This Act among others requires that we ensure adequate distribution of health personnel, particularly in the rural areas. We are all aware of the acute shortage of health personnel particularly nurses and doctors in the rural areas to deliver health care to our people. Part of this shortage has been due to the inequities of the past and the deliberate social engineering, which kept many of our inquiring young people from these fields of study. Yet the other reason for this has been the unprecedented migration of our personnel to western countries particularly the UK to seek greener pastures. Government appreciates the need by our health professionals to seek new knowledge and broaden their experience abroad.
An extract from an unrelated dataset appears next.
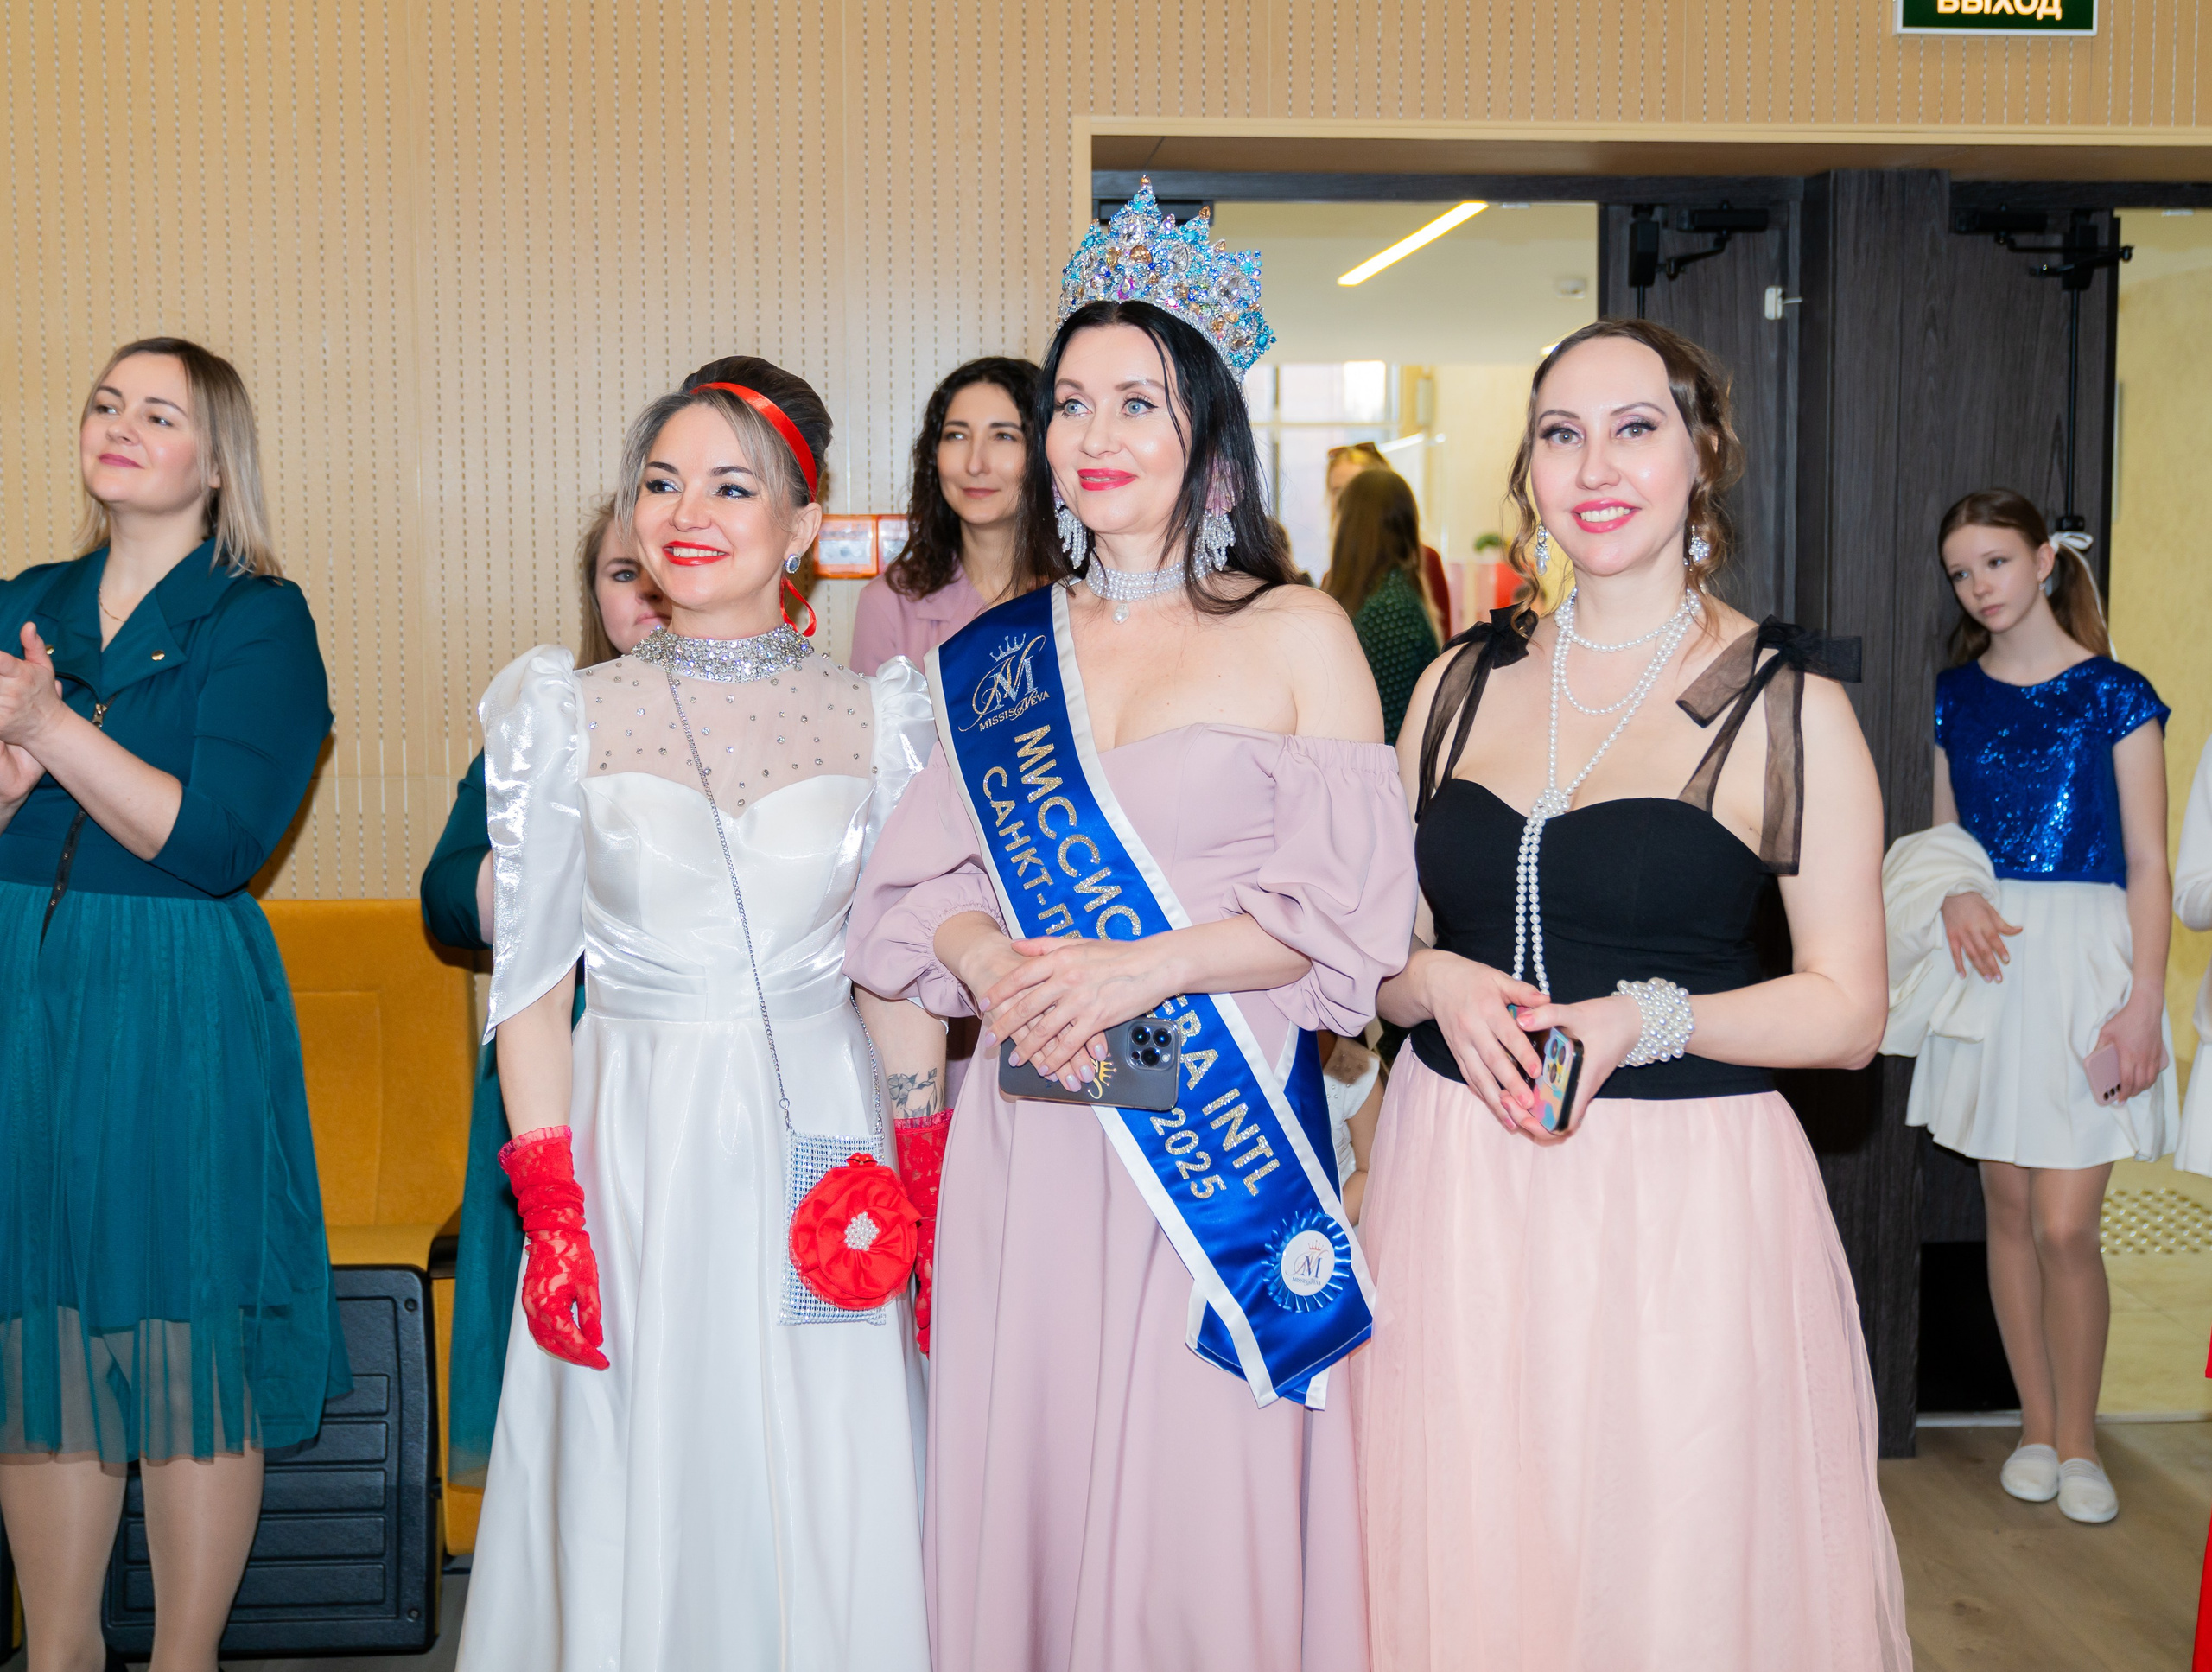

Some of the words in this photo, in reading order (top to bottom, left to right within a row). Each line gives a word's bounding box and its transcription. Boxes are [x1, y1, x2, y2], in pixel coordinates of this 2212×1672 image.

[1014, 724, 1141, 941] МИССИС
[1202, 1088, 1281, 1197] INTL
[1150, 1107, 1227, 1199] 2025
In fact we have been providing bursaries and other study incentives to our people to study overseas so they can come and work for our country and province. But we do not accept the brain-drain as we experienced in the larger part of the past ten years.
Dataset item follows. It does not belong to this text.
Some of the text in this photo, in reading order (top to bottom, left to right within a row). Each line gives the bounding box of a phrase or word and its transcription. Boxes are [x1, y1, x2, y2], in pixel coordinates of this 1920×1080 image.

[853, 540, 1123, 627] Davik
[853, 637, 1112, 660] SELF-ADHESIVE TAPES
In order to curb this skills migration and at the same time provide an opportunity for people to gain international exposure we have passed this Act at the same time when our country has just singed a memorandum of understanding with the United Kingdom on the Code of Practice on the Ethical Recruitment of Health Workers.

The signing of the Memorandum of Understanding came as a result of a recognition by the two countries of the effects of international migration of health professionals on many developing countries, particularly in our Continent. This agreement serves as a good example of how the issue of international migration of professionals can be managed.

As we said earlier, the agreement deals with the issue of retention of our health personnel but also provide for the creation of education and practice opportunities, allowing our professionals to work for a particular period in health institutions internationally. It also allows for the UK health professionals to work in our country as evidenced by the presence of such professionals in many parts of our country.

We welcome this initiative and believe that it will complement the initiatives of the National Health Act to retain and ensure adequate skilling our professionals. The challenge that we face is to sign functional Memorandums of Understanding with other Western countries to stem the tide of migration of professionals to these countries, which in any case are best placed to train their own professionals. Developing countries surely deserve to retain their own professionals, in whom they have invested a lot, to contribute to their development.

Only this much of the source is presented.